• _Work task_:
Each line of data below must be printed exactly as written, with any pictures removed.
*** Block opens ***
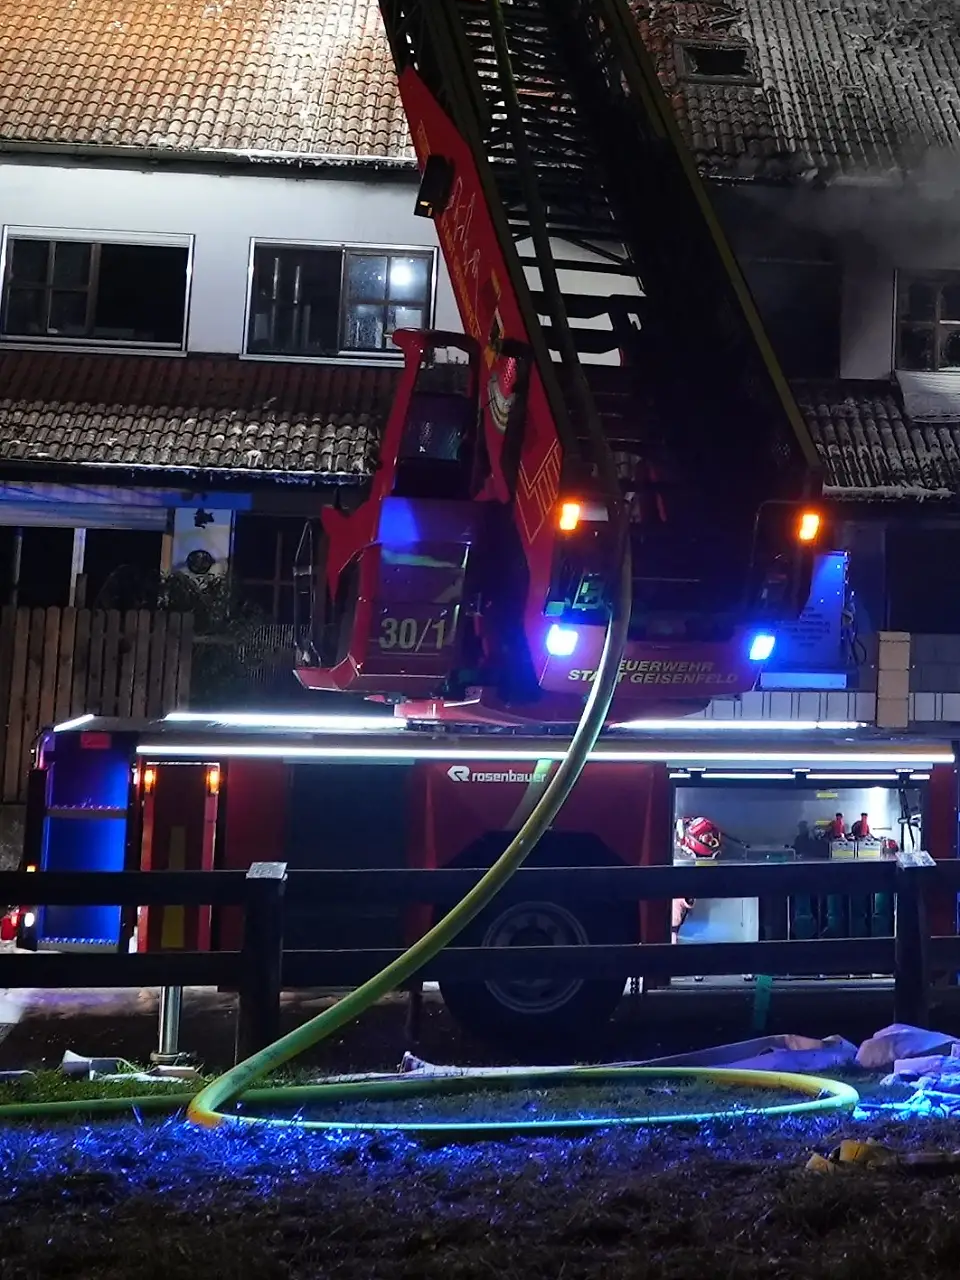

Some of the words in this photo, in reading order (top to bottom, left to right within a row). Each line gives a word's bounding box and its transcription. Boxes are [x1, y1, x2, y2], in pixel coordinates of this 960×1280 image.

[379, 617, 446, 652] 30/1
[619, 659, 715, 672] EUERWEHR
[568, 669, 628, 682] STAT
[630, 672, 738, 684] GEISENFELD
[472, 769, 547, 783] rosenbauer
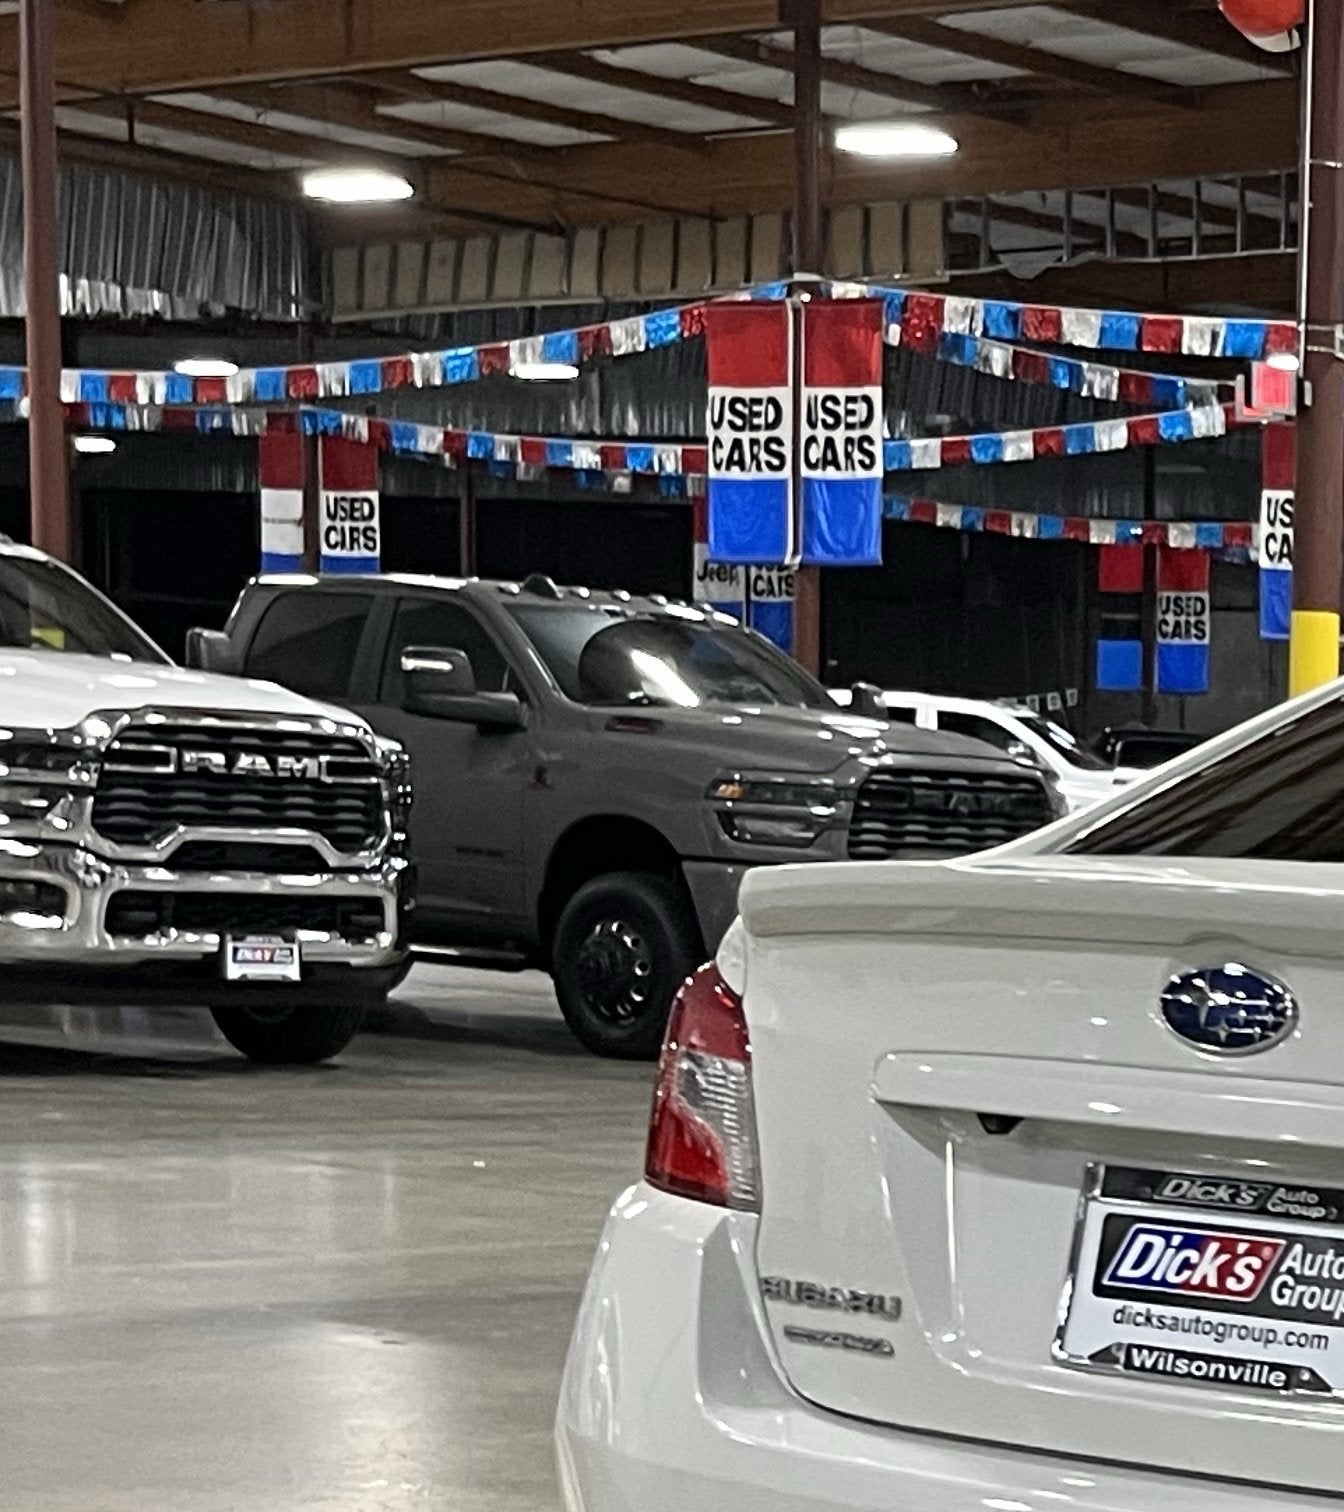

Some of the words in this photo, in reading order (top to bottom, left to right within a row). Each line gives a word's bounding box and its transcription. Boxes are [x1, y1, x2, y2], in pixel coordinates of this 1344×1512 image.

[711, 395, 782, 432] USED
[806, 394, 874, 431] USED
[712, 435, 786, 472] CARS
[804, 435, 876, 471] CARS
[326, 495, 375, 522] USED
[1266, 497, 1294, 528] US
[1265, 533, 1292, 564] CA
[1159, 595, 1206, 617] USED
[181, 751, 319, 778] RAM
[1162, 1178, 1259, 1207] Dick's
[1273, 1187, 1319, 1204] Auto
[1266, 1200, 1326, 1219] Group
[1116, 1233, 1264, 1293] Dick's
[760, 1276, 902, 1323] SUBARU
[1112, 1304, 1329, 1351] dicksautogroup.com
[1130, 1347, 1289, 1388] Wilsonville
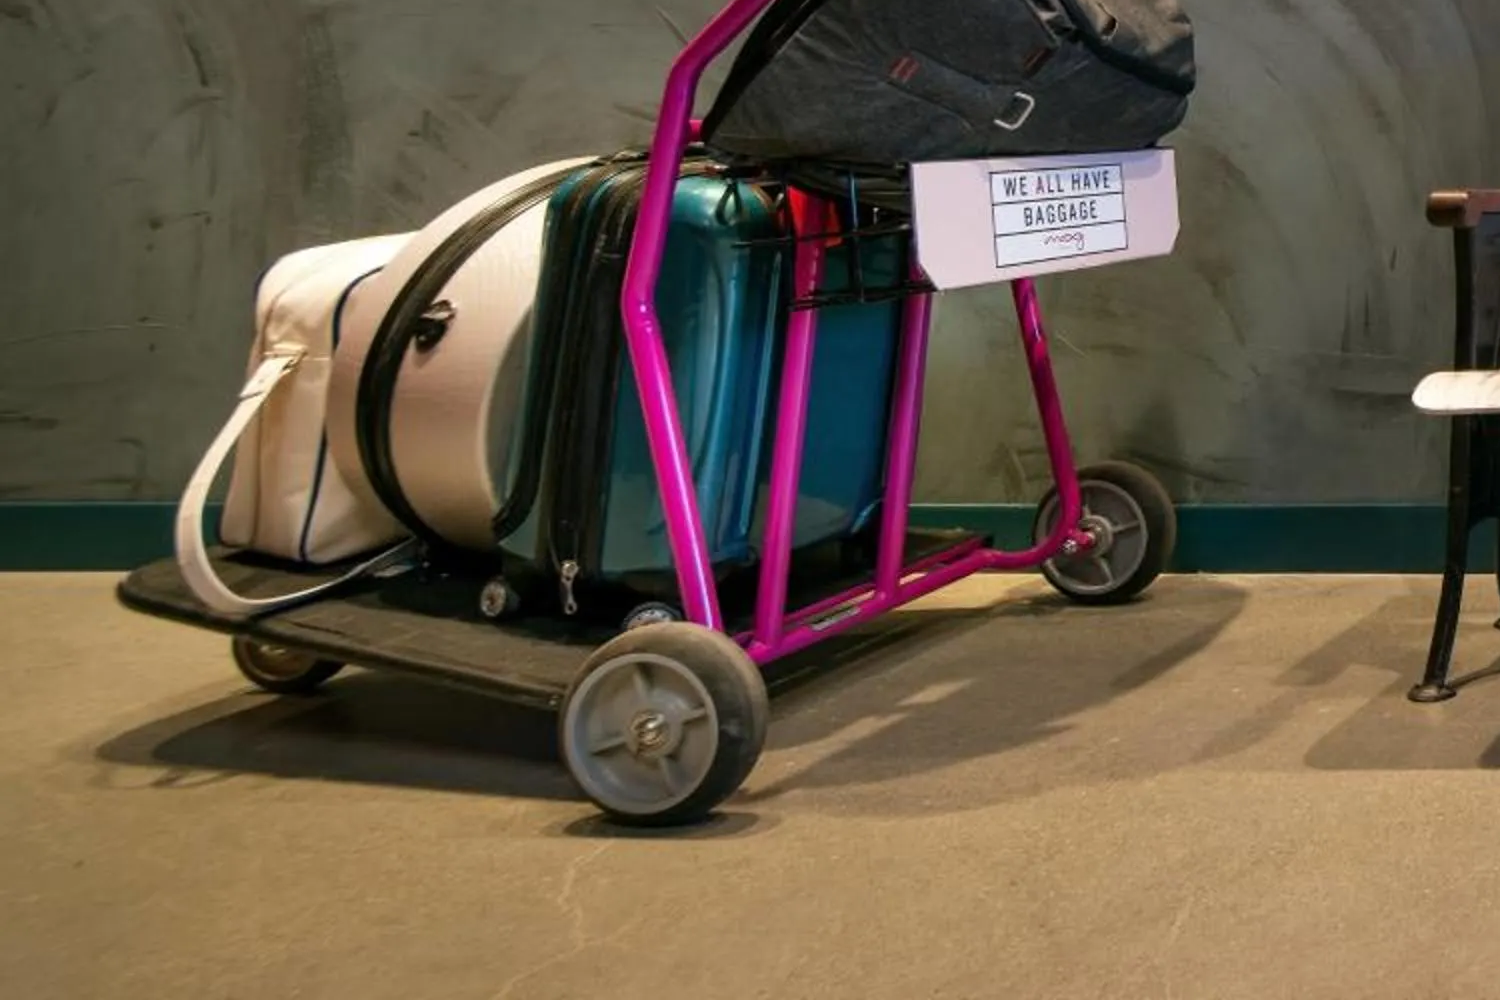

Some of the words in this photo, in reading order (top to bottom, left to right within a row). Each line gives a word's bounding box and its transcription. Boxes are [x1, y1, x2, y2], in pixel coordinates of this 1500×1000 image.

[1003, 175, 1028, 196] WE
[1035, 173, 1065, 195] ALL
[1071, 170, 1111, 191] HAVE
[1023, 200, 1098, 226] BAGGAGE
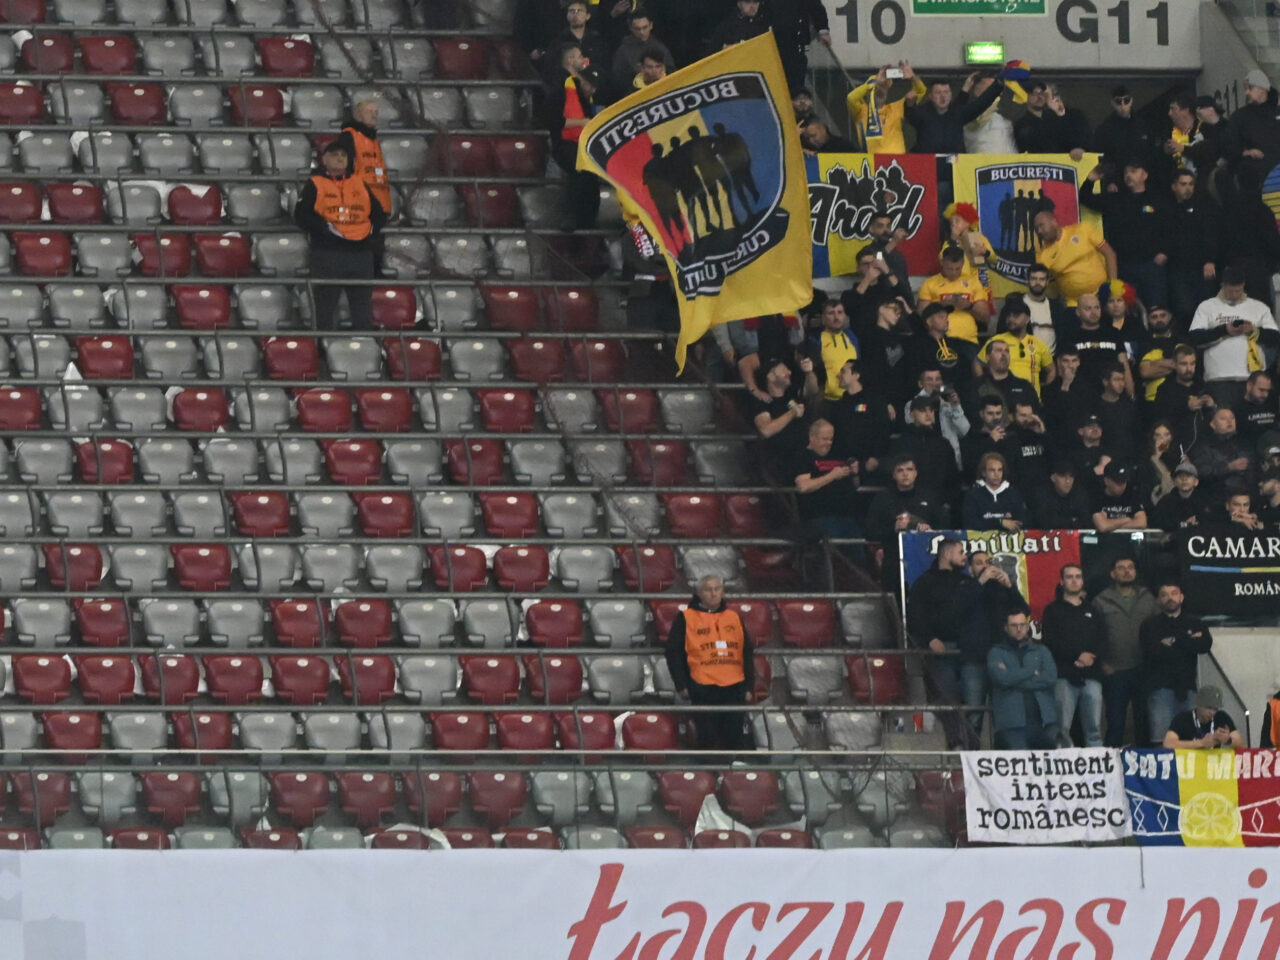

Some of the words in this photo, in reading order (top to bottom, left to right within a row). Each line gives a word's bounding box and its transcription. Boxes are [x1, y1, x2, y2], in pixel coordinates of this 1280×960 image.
*** Block closes ***
• _Result below_:
Some of the words in this photo, in reading order (top to bottom, left to right within a row). Each line gives a word's bounding box and its transcription. Boxes are [x1, y1, x2, y2], in pixel coordinates of this 960×1280 image.

[379, 617, 446, 652] 30/1
[619, 659, 715, 672] EUERWEHR
[568, 669, 628, 682] STAT
[630, 672, 738, 684] GEISENFELD
[472, 769, 547, 783] rosenbauer

Some of the words in this photo, in reading order (top to bottom, left to right within a row). Each line gives a word's bounding box and its transcription. Boxes are [x1, y1, x2, y2], in pixel coordinates of this 1344×1512 image.

[711, 395, 782, 432] USED
[806, 394, 874, 431] USED
[712, 435, 786, 472] CARS
[804, 435, 876, 471] CARS
[326, 495, 375, 522] USED
[1266, 497, 1294, 528] US
[1265, 533, 1292, 564] CA
[1159, 595, 1206, 617] USED
[181, 751, 319, 778] RAM
[1162, 1178, 1259, 1207] Dick's
[1273, 1187, 1319, 1204] Auto
[1266, 1200, 1326, 1219] Group
[1116, 1233, 1264, 1293] Dick's
[760, 1276, 902, 1323] SUBARU
[1112, 1304, 1329, 1351] dicksautogroup.com
[1130, 1347, 1289, 1388] Wilsonville

Some of the words in this photo, in reading order (top to bottom, left to right within a row). Each line gives a word's bounding box and its transcription. Boxes are [x1, y1, x2, y2], in pixel coordinates of this 1500×1000 image.

[1003, 175, 1028, 196] WE
[1035, 173, 1065, 195] ALL
[1071, 170, 1111, 191] HAVE
[1023, 200, 1098, 226] BAGGAGE

Some of the words in this photo, in reading order (top to bottom, left to right within a row). Each line gives a word's bounding box and its transcription. Boxes are [x1, y1, x2, y2], in pixel coordinates of this 1280×960 image.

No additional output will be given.